Ignore the fact that I kind of sound like a baritone in the audio this week.  I’m pretty sure one of us has been sick at some point throughout the entire month of February.  I’m SO ready for spring!

I decided to preach through the Epistle selections in the lectionary throughout the Lenten season this year.  Obviously, I preached the Gospel last week (Lent 1 = Jesus in the wilderness), but I am going to try to stay in the letters from here on out.  I preached out of Romans this week, which was paired with the Abraham narrative in Genesis, because Paul talks about having a faith like Abraham’s.  We sang and danced to Father Abraham during the children’s sermon and then I talked about looking at the entire Abraham narrative when we think about having faith like his.



Sarah Weaver
Rehoboth Congregational Church
Rehoboth, MA
February 25, 2018

Genesis 17:1-7, 15-16
Romans 4:13-25

A Faith Like Abraham’s (All Of It!)

Bruce and I met when we were both on staff at a youth leadership program at Lancaster Seminary called Leadership Now. The mission of the program – the tagline that was on all of our brochures and shirts and other SWAG – was, “Cultivating a faith that celebrates questions.”

This program was built on the opposite foundation of blindly following religious doctrine. Students were encouraged to ask questions; about their faith, about their parents’ faith, about the church, about the bible, about worship and about the world we live in (everything, really). This program wanted to resist spoon-fed Christianity; rather, they wanted each student to foster their own beliefs.

This idea was new to me. I did not grow up in a heavily indoctrinated church, but I think I always kind of took thinks at face value. I do remember sitting in Sunday School one week and our teacher was explaining the meaning of the word, “Amen,” which essentially means, “So it be.” When you say, “Amen,” at the end of a prayer, in a way, you are affirming whatever was just said in the prayer. My Sunday School teacher said she was going to read several statements and we were to respond affirmatively with the phrase, “So it be,” to each statement as our way of saying, “Amen,” and agreeing with what she said. I piped up, “Well, what if I don’t agree with what you said?” (Sorry – even the most well behaved preacher’s kids have their moments.) I distinctly remember her taking a deep breath, raising her eyebrows at me and exasperatedly saying, “Trust me, you’ll agree with these statements.”

And I did; she certainly was not saying anything controversial. The point of the exercise was not to stir up an intense theological debate; it was to teach us the meaning of the word, “Amen.”

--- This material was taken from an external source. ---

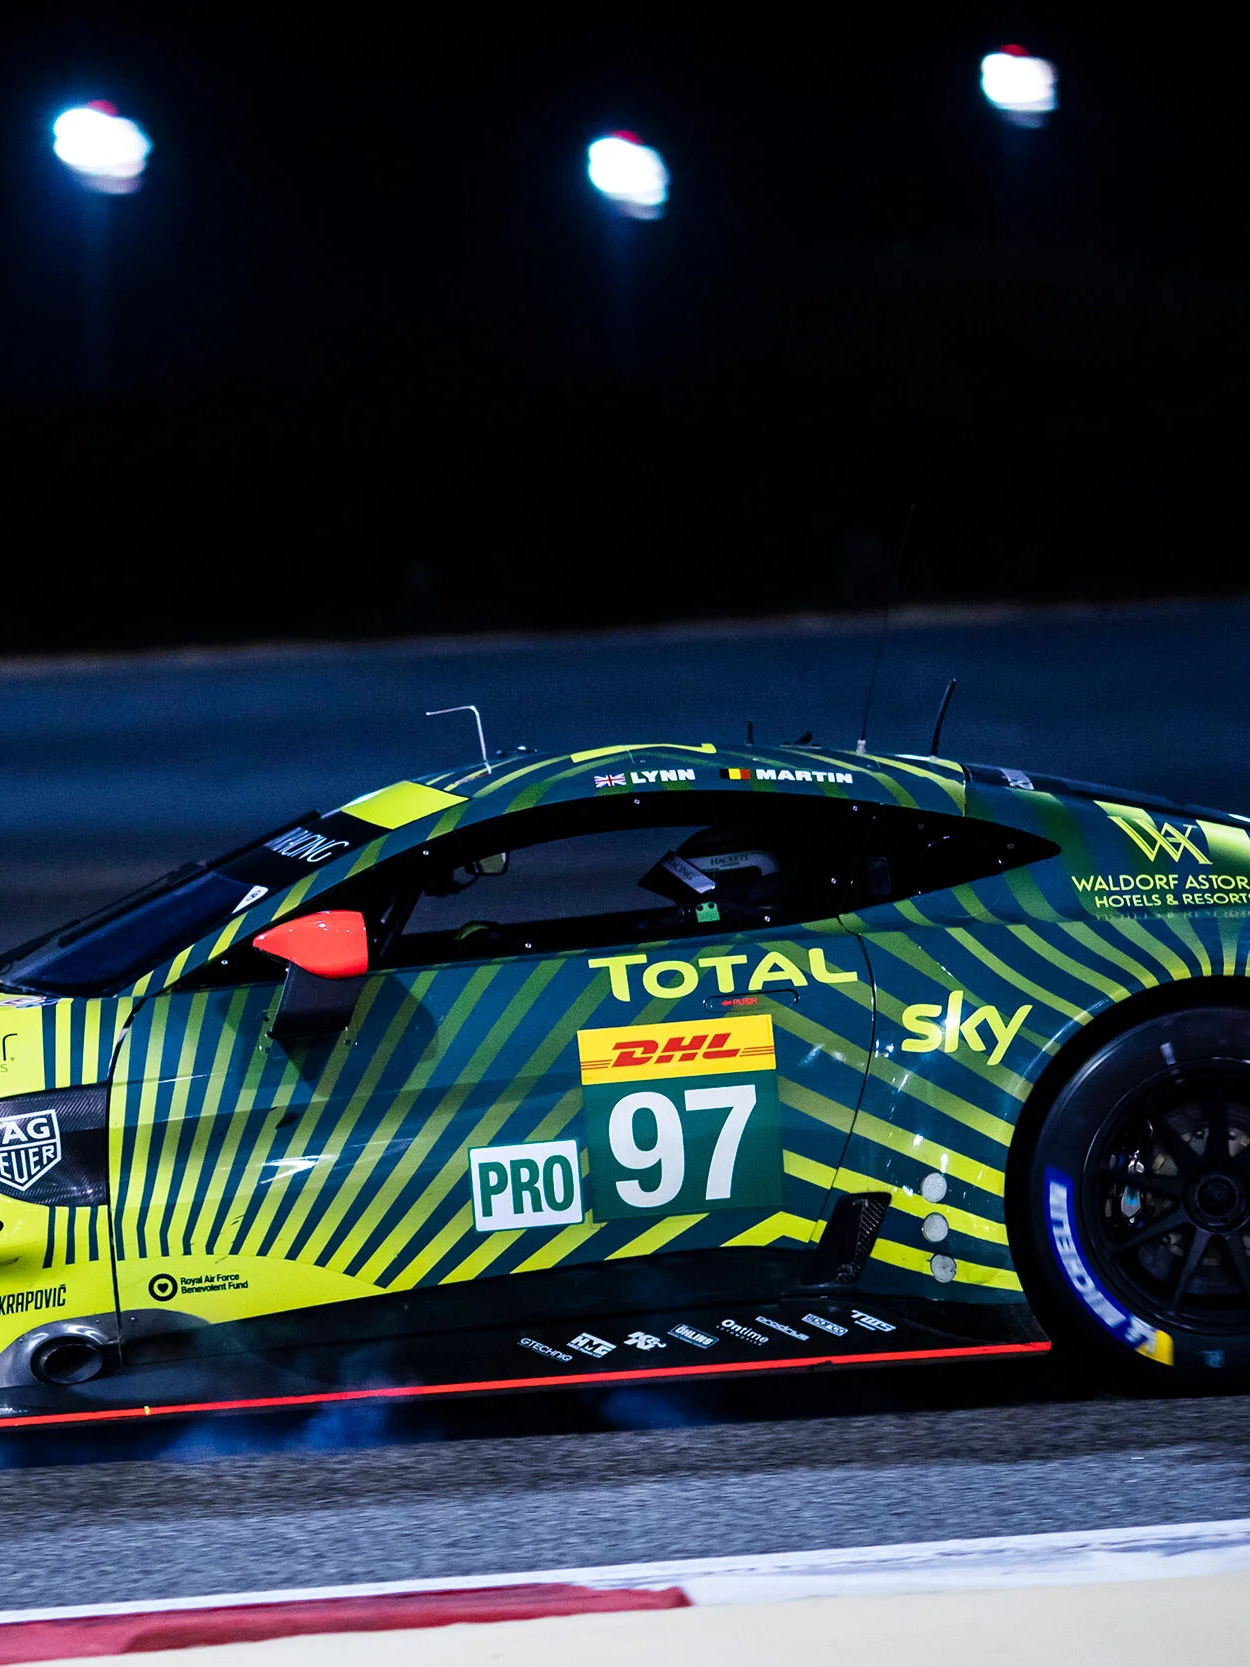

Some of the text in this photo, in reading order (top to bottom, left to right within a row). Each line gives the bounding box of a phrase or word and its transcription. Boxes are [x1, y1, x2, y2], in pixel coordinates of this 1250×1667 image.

But that moment always kind of stuck with me. Because I never really thought I was allowed to ask questions about what I was being taught in church or – gasp! – have doubts.

I was heavily influenced by Leadership Now; now, I take the same approach of “celebrating questions” when I teach confirmation and lead bible study. Even here in worship, I think it is okay (albeit frustrating for you at times) for me to look at a scripture and say, “I am just not sure I believe this” or, “I struggle with this story,” or, “I cannot reconcile what this means.”

Which is why, at first glance, our two scriptures for this morning – read in conjunction with one another – are a little bit troublesome for me.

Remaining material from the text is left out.